Records drawn from a dataset:
####################

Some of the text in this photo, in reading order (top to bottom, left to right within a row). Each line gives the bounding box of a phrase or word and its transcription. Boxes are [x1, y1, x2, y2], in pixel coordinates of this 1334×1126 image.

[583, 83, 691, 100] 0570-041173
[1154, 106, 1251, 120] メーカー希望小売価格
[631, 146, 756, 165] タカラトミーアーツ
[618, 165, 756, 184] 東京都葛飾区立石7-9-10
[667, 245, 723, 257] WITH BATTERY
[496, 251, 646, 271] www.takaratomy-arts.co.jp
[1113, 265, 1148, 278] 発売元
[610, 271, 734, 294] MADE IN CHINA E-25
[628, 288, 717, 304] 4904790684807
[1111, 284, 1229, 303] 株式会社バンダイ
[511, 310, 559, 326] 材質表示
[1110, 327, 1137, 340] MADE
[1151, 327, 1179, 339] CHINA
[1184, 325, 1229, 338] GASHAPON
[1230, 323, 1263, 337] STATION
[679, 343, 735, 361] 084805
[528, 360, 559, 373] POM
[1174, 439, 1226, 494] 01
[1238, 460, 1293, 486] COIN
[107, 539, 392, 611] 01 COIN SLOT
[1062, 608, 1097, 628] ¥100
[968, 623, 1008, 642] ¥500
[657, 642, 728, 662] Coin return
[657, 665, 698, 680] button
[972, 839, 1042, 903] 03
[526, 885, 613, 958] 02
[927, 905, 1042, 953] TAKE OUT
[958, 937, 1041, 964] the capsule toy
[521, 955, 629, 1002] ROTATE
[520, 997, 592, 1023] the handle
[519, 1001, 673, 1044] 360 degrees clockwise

####################

_Exercise aim_. Type out the records above again, exactly the same.

_Answer area_.
Some of the text in this photo, in reading order (top to bottom, left to right within a row). Each line gives the bounding box of a phrase or word and its transcription. Boxes are [x1, y1, x2, y2], in pixel coordinates of this 1334×1126 image.

[583, 83, 691, 100] 0570-041173
[1154, 106, 1251, 120] メーカー希望小売価格
[631, 146, 756, 165] タカラトミーアーツ
[618, 165, 756, 184] 東京都葛飾区立石7-9-10
[667, 245, 723, 257] WITH BATTERY
[496, 251, 646, 271] www.takaratomy-arts.co.jp
[1113, 265, 1148, 278] 発売元
[610, 271, 734, 294] MADE IN CHINA E-25
[628, 288, 717, 304] 4904790684807
[1111, 284, 1229, 303] 株式会社バンダイ
[511, 310, 559, 326] 材質表示
[1110, 327, 1137, 340] MADE
[1151, 327, 1179, 339] CHINA
[1184, 325, 1229, 338] GASHAPON
[1230, 323, 1263, 337] STATION
[679, 343, 735, 361] 084805
[528, 360, 559, 373] POM
[1174, 439, 1226, 494] 01
[1238, 460, 1293, 486] COIN
[107, 539, 392, 611] 01 COIN SLOT
[1062, 608, 1097, 628] ¥100
[968, 623, 1008, 642] ¥500
[657, 642, 728, 662] Coin return
[657, 665, 698, 680] button
[972, 839, 1042, 903] 03
[526, 885, 613, 958] 02
[927, 905, 1042, 953] TAKE OUT
[958, 937, 1041, 964] the capsule toy
[521, 955, 629, 1002] ROTATE
[520, 997, 592, 1023] the handle
[519, 1001, 673, 1044] 360 degrees clockwise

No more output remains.